Las fotos para mi, son un bálsamo para el alma.
Cada foto me inspira algo, me recuerda algo, me transporta.
Nunca una foto evoca malos ratos. Tal vez malos tiempos, pero siempre en la foto sale ese rayito de luz durante ese túnel que atravesaba.
Las fotos me dibujan sonrisas en el corazón y me recuerdan lo mucho que quiero a la gente que he tenido en mi vida a lo largo de estos 23 años.

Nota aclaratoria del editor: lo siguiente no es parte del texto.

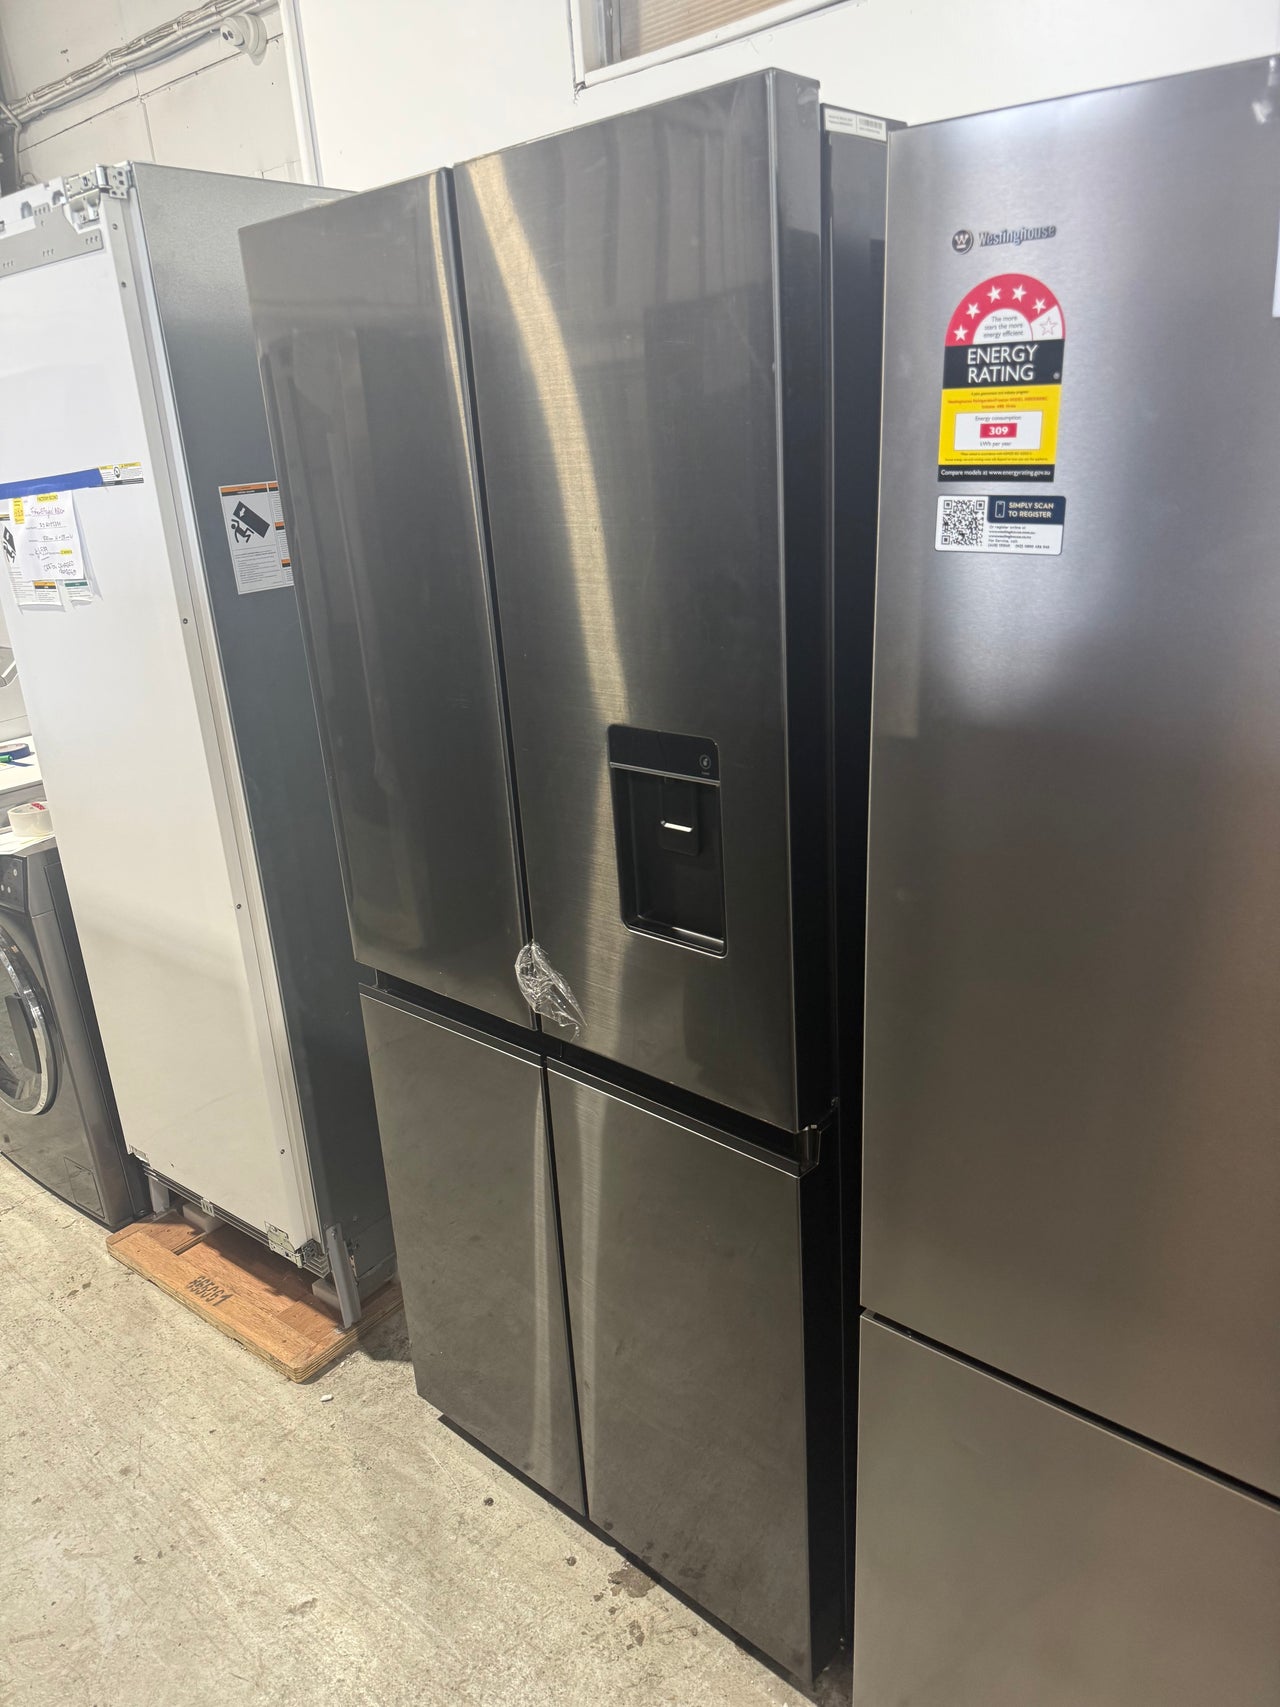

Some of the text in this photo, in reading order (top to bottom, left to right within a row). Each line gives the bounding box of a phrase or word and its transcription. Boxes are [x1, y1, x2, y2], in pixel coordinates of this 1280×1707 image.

[978, 225, 1057, 247] Westinghouse
[983, 331, 1001, 339] energy
[967, 344, 1039, 365] ENERGY
[968, 364, 1034, 383] RATING
[989, 426, 1009, 436] 309
[940, 469, 963, 477] Compare
[988, 469, 1051, 478] www.energyrating.gov.au
[1033, 502, 1055, 510] SCAN
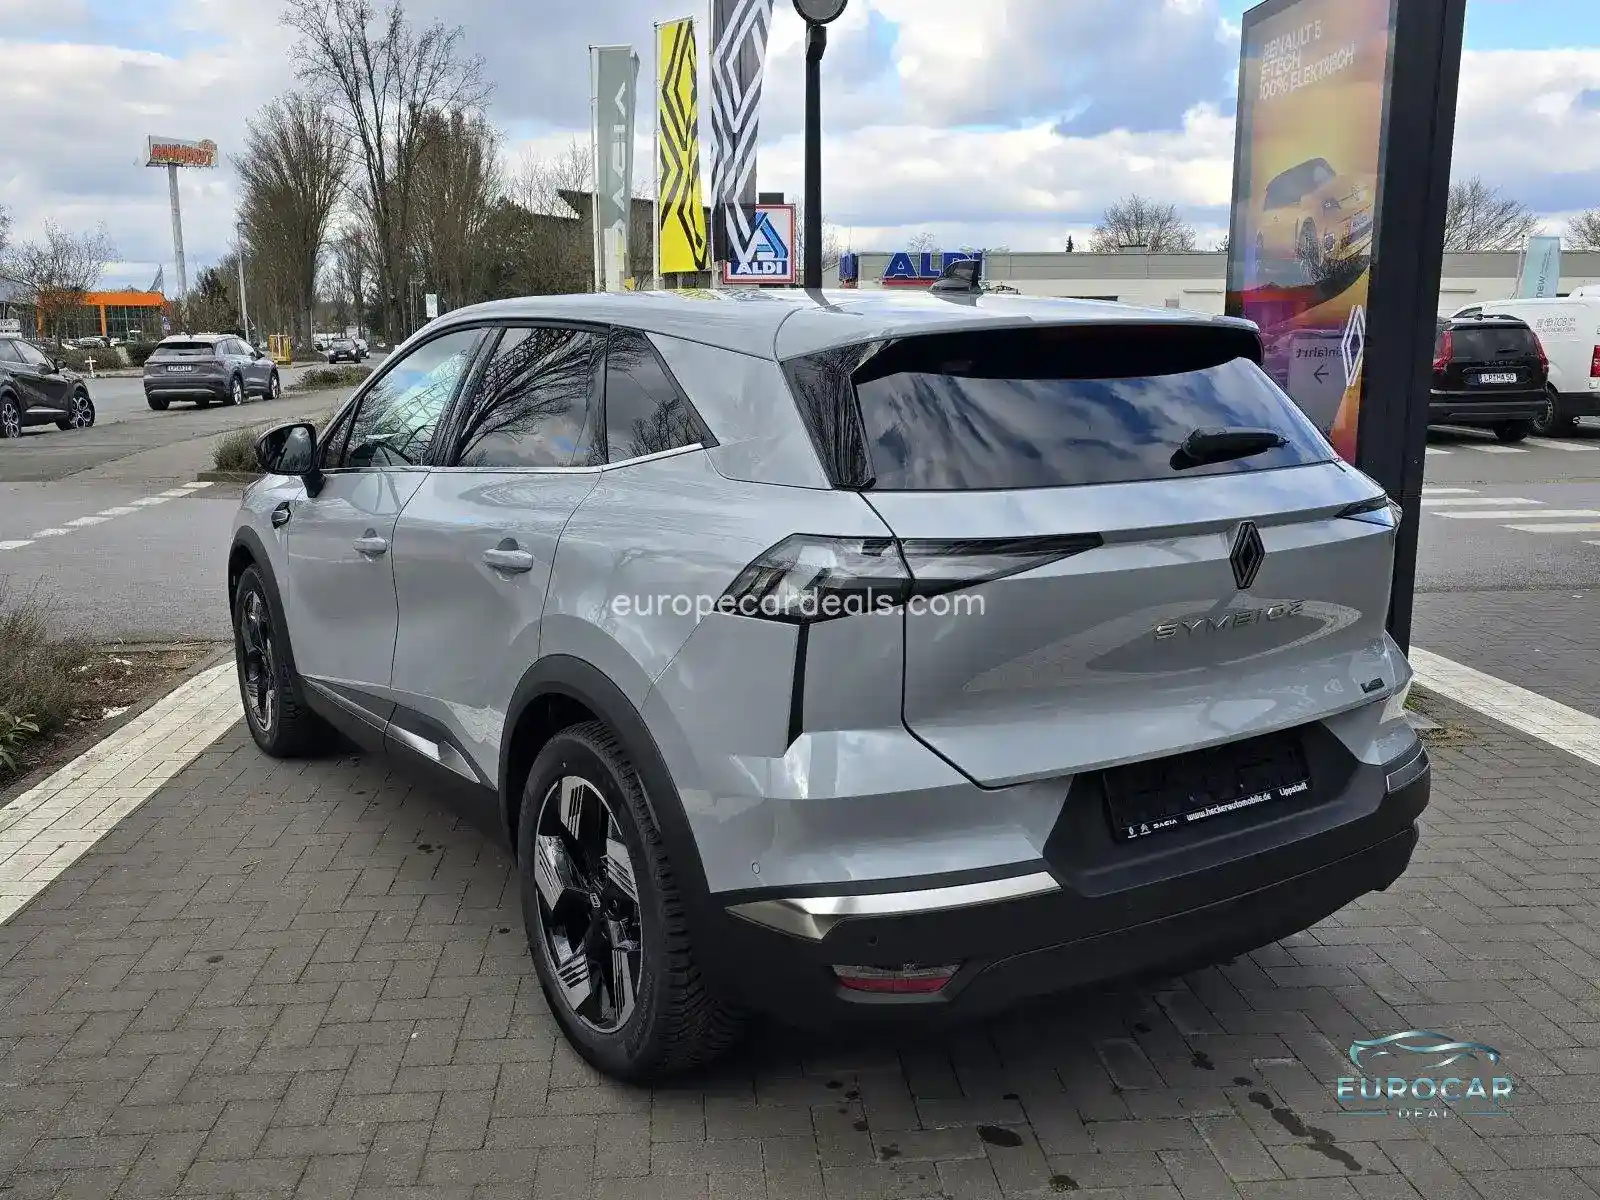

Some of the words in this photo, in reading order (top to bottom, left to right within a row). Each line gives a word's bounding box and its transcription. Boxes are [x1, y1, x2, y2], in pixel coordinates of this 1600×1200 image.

Muchas veces no lo pienso, pero cuando me paro a analizar cuánta gente me ha aportado cuánta felicidad durante mi vida, me siento una persona afortunada.
A veces, durante el camino nos aferramos a cosas que no tienen apenas valor, a problemas que pueden no ser tan grandes si sabemos verlos de otra manera o si podemos dividirlos compartiendo nuestras preocupaciones con nuestros seres queridos... a veces nos encerramos en una isla y no nos damos cuenta que estamos ahí hasta que recordamos esos tiempos en los que estábamos fuera de ella.
A mi yo, quiero pedirle que no se acostumbre a esa isla, que recuerde siempre que los amigos y la familia son un tesoro palpable que hacen una tarea "invisible" e increíblemente importante en mi vida. A mis fotos quiero darles las gracias por recordarme a qué sabe la felicidad.
Nota mental: BUENOS DÍAS CUARTELILLO.
Hoy me he despertado agradeciendo a la vida por vosotras.